# Fall means Hard Cider



## pen (Oct 12, 2010)

I've got a batch going now.  Winter will be about over by the time I get into it.  Always something nice to look forward too.







pen


----------



## wood spliter (Oct 12, 2010)

Hard cider??  Is that some kind of still?  Looks real cool.


----------



## BucksCoBernie (Oct 12, 2010)

nice. I have 6 gallons clearing. Will be ready around thanksgiving, christmas if i want to wait that long haha. Is that a better bottle carboy?


----------



## pen (Oct 12, 2010)

BucksCoBernie said:
			
		

> nice. I have 6 gallons clearing. Will be ready around thanksgiving, christmas if i want to wait that long haha. Is that a better bottle carboy?



That name sounds awfully familiar so I'd imagine, but I'm not sure.  Where I've got it doing its business, I can't see under it to read the bottom right now.  I inherited it from a good friend so it's whatever he used.

Do you have a set time you let yours run for before you rack it?  Or do you just let it work till you feel like getting back to it.

pen


----------



## pen (Oct 12, 2010)

wood spliter said:
			
		

> Hard cider??  Is that some kind of still?  Looks real cool.

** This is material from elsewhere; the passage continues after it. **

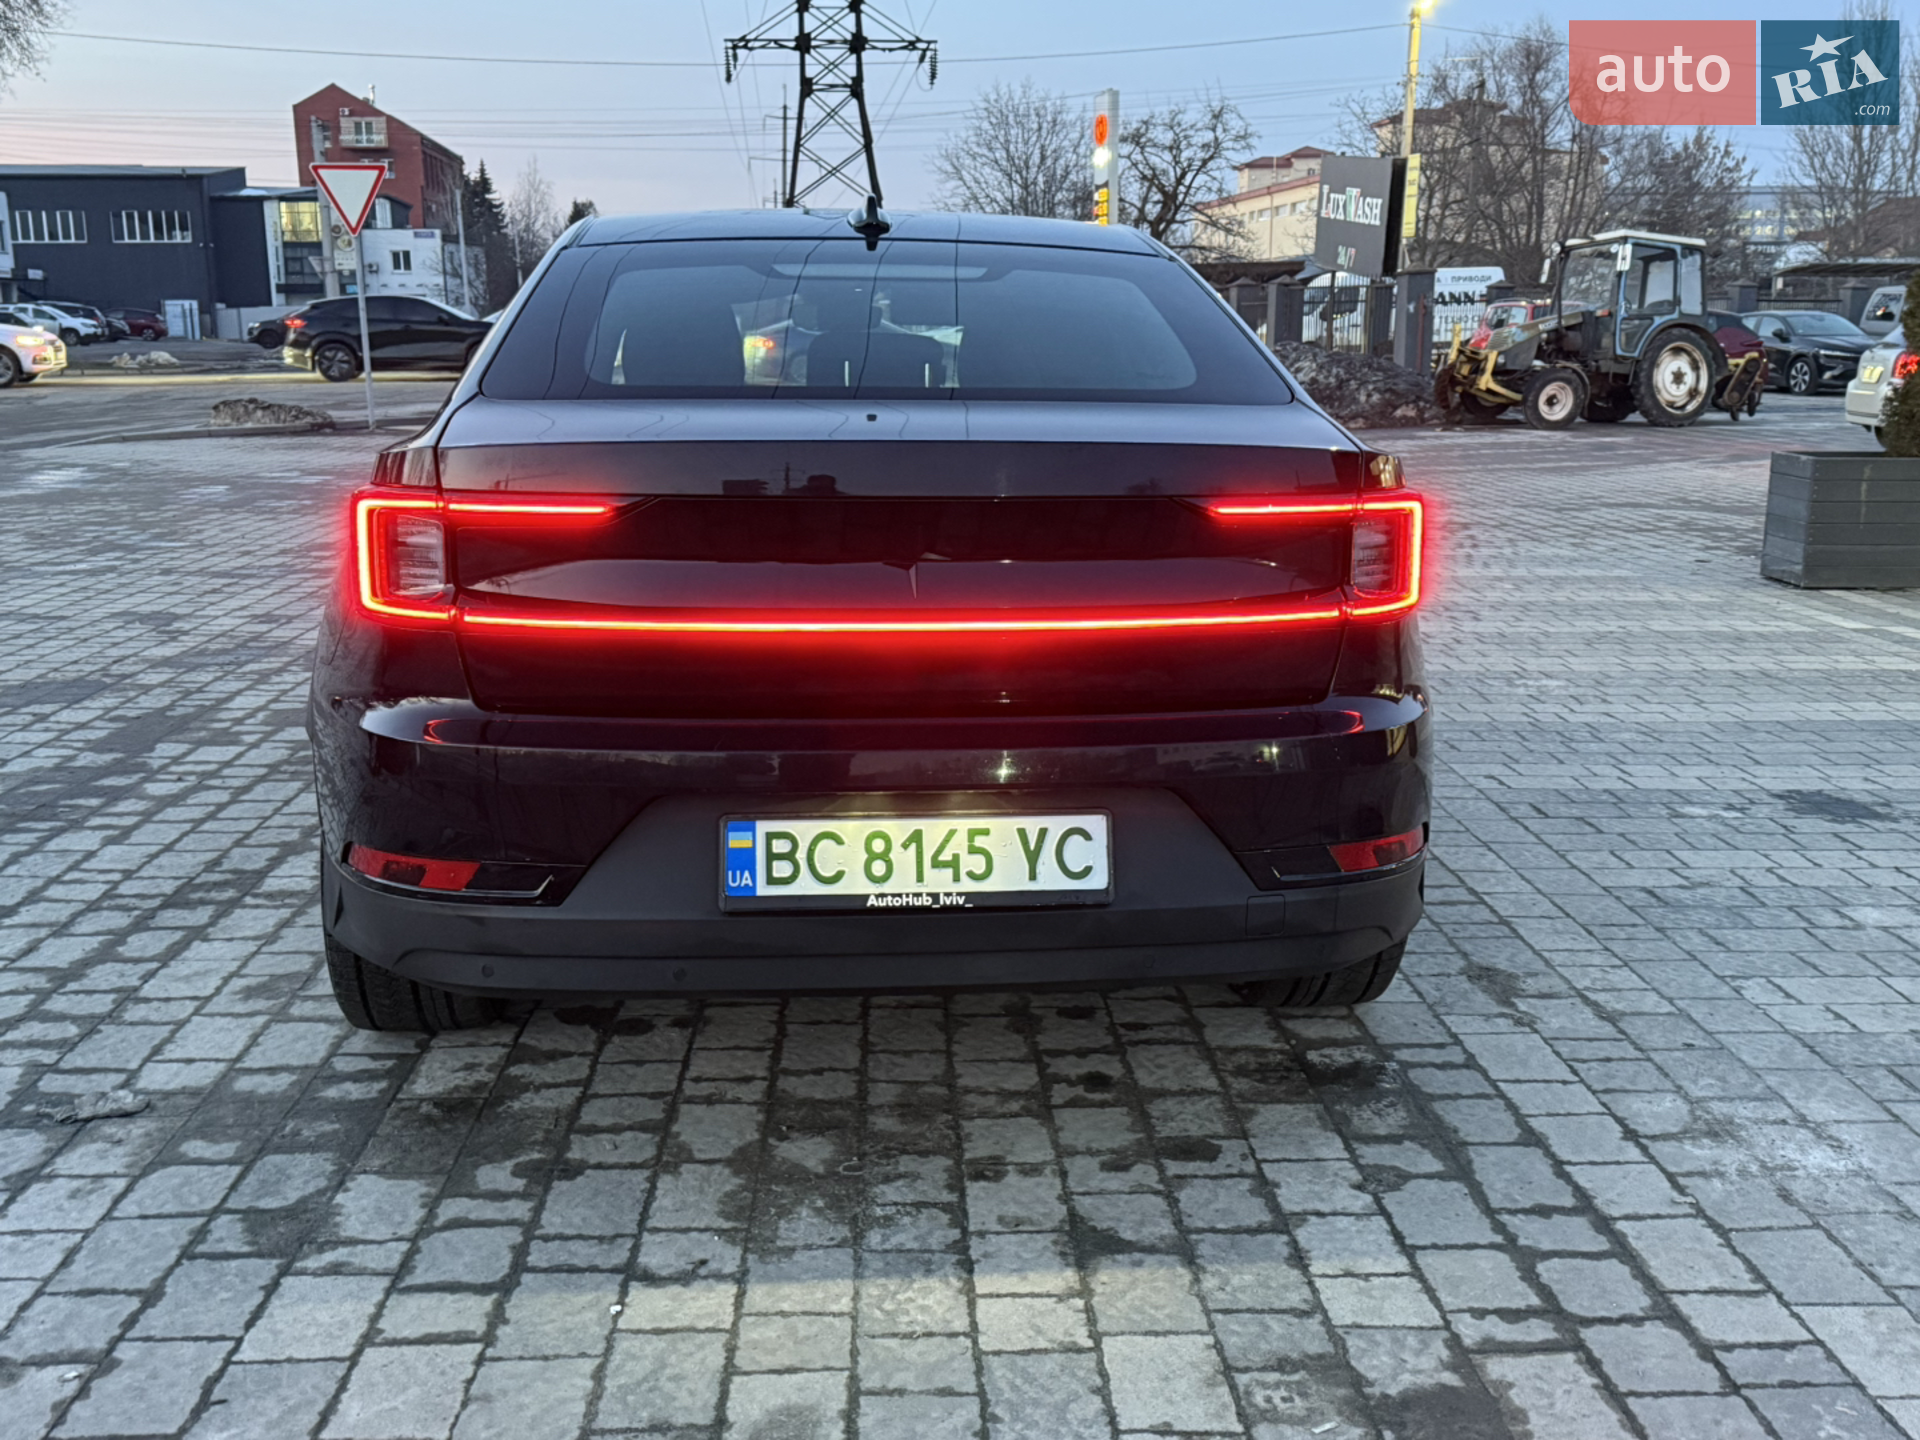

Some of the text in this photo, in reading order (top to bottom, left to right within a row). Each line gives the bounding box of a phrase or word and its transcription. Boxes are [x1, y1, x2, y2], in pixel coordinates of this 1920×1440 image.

[1451, 275, 1492, 283] ПРИВОДИ
[765, 826, 1094, 886] BC 8145 YC
[728, 870, 753, 888] UA

Not a still just a glass carboy w/ an airlock on the top.  I did my part mixing it up, now I just need my fungi friends to do the rest of the work.  

pen


----------



## SolarAndWood (Oct 12, 2010)

Great pic, reminded me to check on the two we have going.  That will keep you warm as winter is winding down.


----------



## jeff_t (Oct 12, 2010)

That's not a Better Bottle, it's a glass carboy. I wish I knew how to post pics from my phone, or you would see mine full of a rockin' IPA ready to bottle. I just finished bottling the other half of a ten gallon batch. 
Better Bottles really are nice, especially if you are clumsy like me, or have small children. 
I like to sit back and admire five and a half cases of a just bottled batch of beer, as well as a cord of just stacked freshly split wood. With a pint, of course.


----------



## pen (Oct 15, 2010)

jeff_t said:
			
		

> That's not a Better Bottle, it's a glass carboy. I wish I knew how to post pics from my phone, or you would see mine full of a rockin' IPA ready to bottle. I just finished bottling the other half of a ten gallon batch.
> Better Bottles really are nice, especially if you are clumsy like me, or have small children.
> I like to sit back and admire five and a half cases of a just bottled batch of beer, as well as a cord of just stacked freshly split wood. With a pint, of course.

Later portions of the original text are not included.